Work request: Write every entry out again with no changes, and leave the images behind.

(Referring expression grounding data)
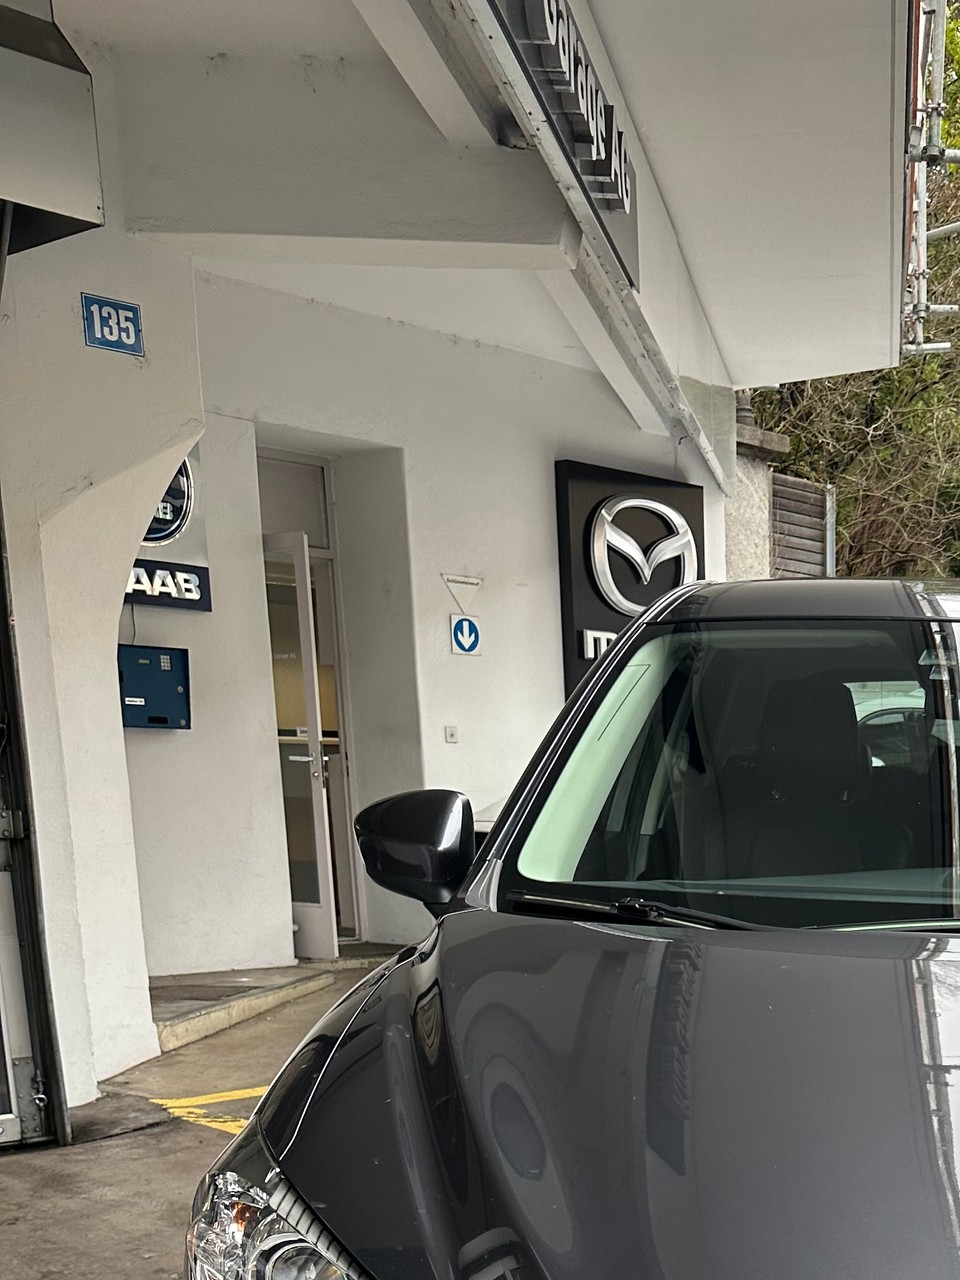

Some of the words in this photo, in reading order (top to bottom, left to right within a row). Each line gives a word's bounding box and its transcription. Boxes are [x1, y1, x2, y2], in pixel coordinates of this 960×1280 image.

[611, 105, 630, 214] AG
[90, 304, 136, 345] 135
[125, 567, 201, 600] AAB
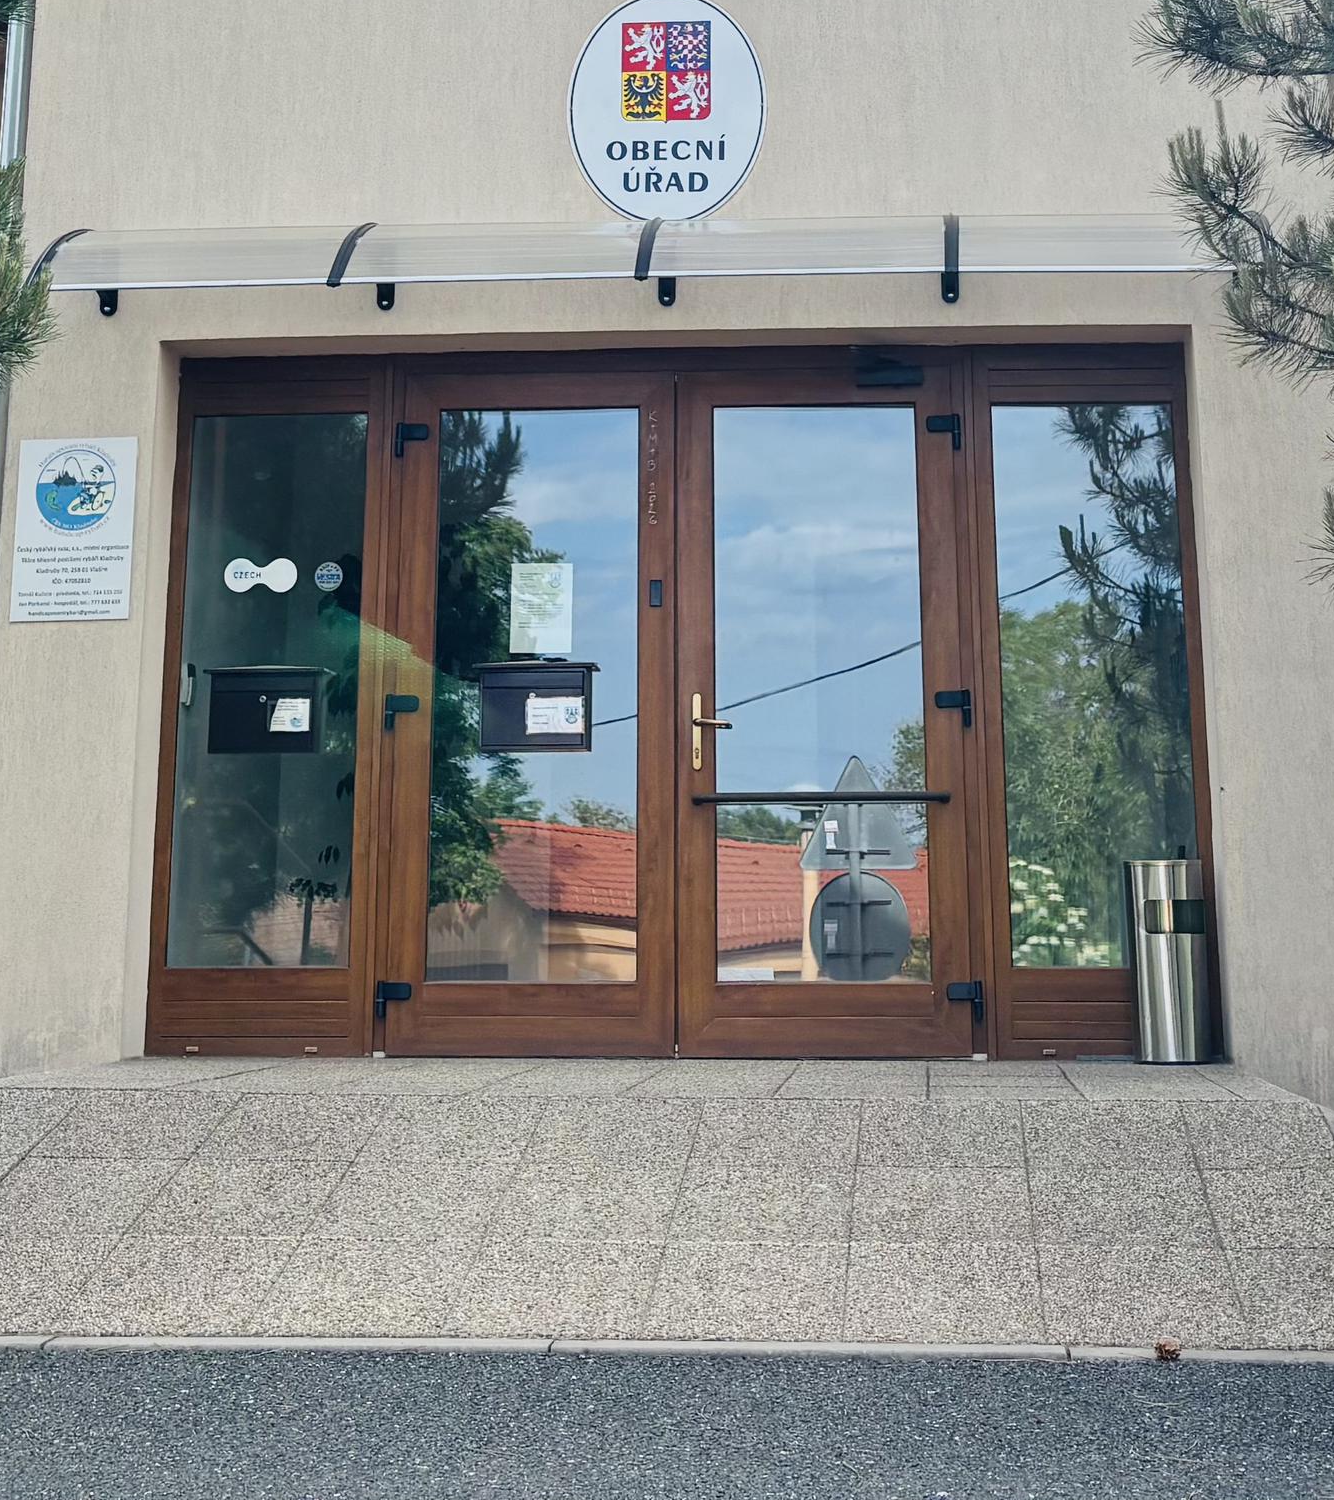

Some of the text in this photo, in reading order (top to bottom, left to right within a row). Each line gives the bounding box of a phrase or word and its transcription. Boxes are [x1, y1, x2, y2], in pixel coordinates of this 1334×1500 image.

[606, 134, 725, 161] OBECNÍ
[623, 166, 709, 193] ÚŘAD
[233, 571, 262, 579] CZECH

Output of the task:
Some of the words in this photo, in reading order (top to bottom, left to right within a row). Each line gives a word's bounding box and its transcription. Boxes are [x1, y1, x2, y2], in pixel coordinates of this 960×1280 image.

[611, 105, 630, 214] AG
[90, 304, 136, 345] 135
[125, 567, 201, 600] AAB

Some of the text in this photo, in reading order (top to bottom, left to right within a row). Each line gives the bounding box of a phrase or word and its transcription. Boxes are [x1, y1, x2, y2], in pixel coordinates of this 1334×1500 image.

[606, 134, 725, 161] OBECNÍ
[623, 166, 709, 193] ÚŘAD
[233, 571, 262, 579] CZECH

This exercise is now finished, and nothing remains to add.